[Stored data entries]
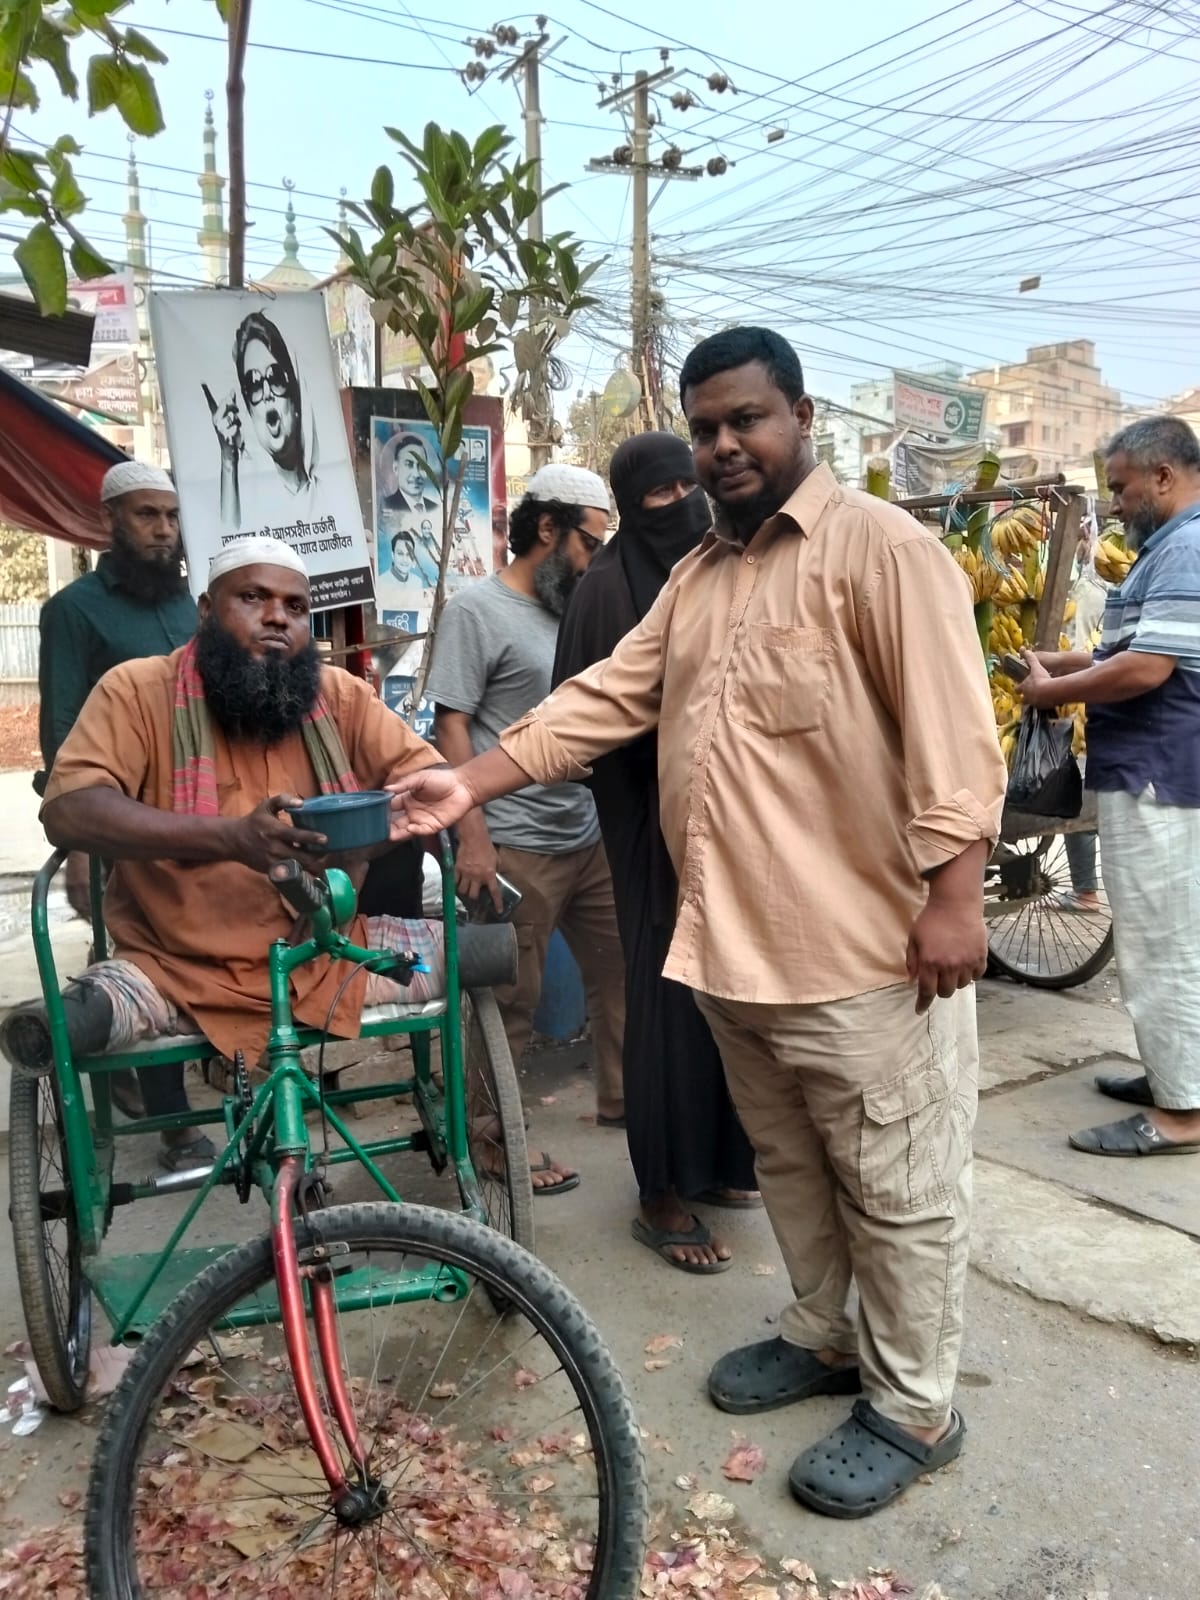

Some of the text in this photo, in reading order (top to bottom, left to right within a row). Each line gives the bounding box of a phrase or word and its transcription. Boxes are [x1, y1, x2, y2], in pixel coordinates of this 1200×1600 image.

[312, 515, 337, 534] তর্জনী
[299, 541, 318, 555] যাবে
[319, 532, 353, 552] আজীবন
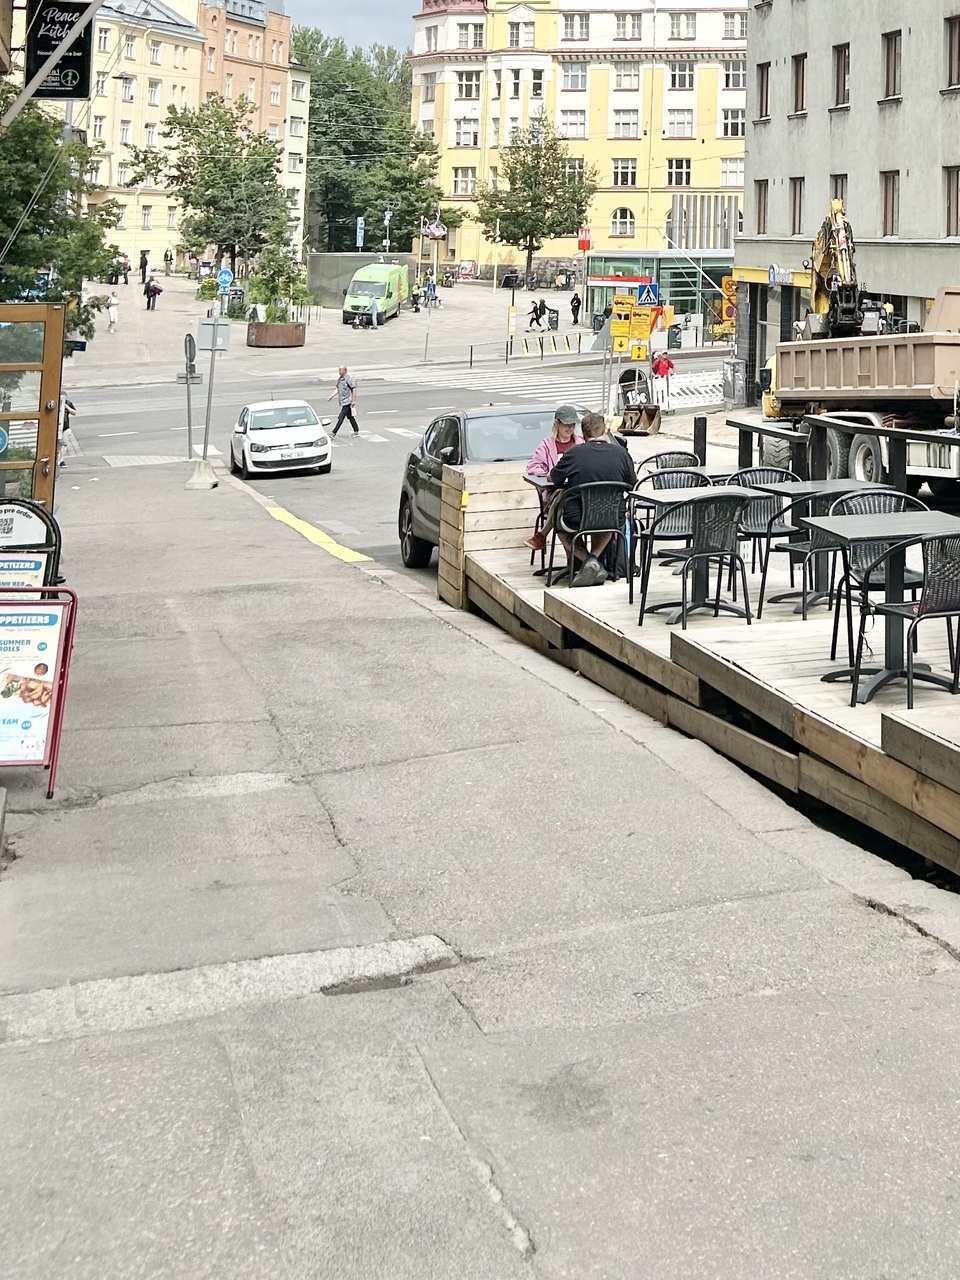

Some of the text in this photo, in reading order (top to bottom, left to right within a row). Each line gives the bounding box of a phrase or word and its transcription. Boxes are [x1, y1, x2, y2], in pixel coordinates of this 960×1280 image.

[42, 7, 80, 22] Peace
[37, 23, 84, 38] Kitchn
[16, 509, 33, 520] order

_What to produce_: Reproduce the lines above letter for letter. The pictures stay behind.

_Answer box_:
Some of the text in this photo, in reading order (top to bottom, left to right within a row). Each line gives the bounding box of a phrase or word and its transcription. Boxes are [x1, y1, x2, y2], in pixel coordinates of this 1200×1600 image.

[312, 515, 337, 534] তর্জনী
[299, 541, 318, 555] যাবে
[319, 532, 353, 552] আজীবন

Some of the text in this photo, in reading order (top to bottom, left to right within a row). Each line gives the bounding box of a phrase or word and its transcription. Boxes are [x1, y1, x2, y2], in pixel coordinates of this 960×1280 image.

[42, 7, 80, 22] Peace
[37, 23, 84, 38] Kitchn
[16, 509, 33, 520] order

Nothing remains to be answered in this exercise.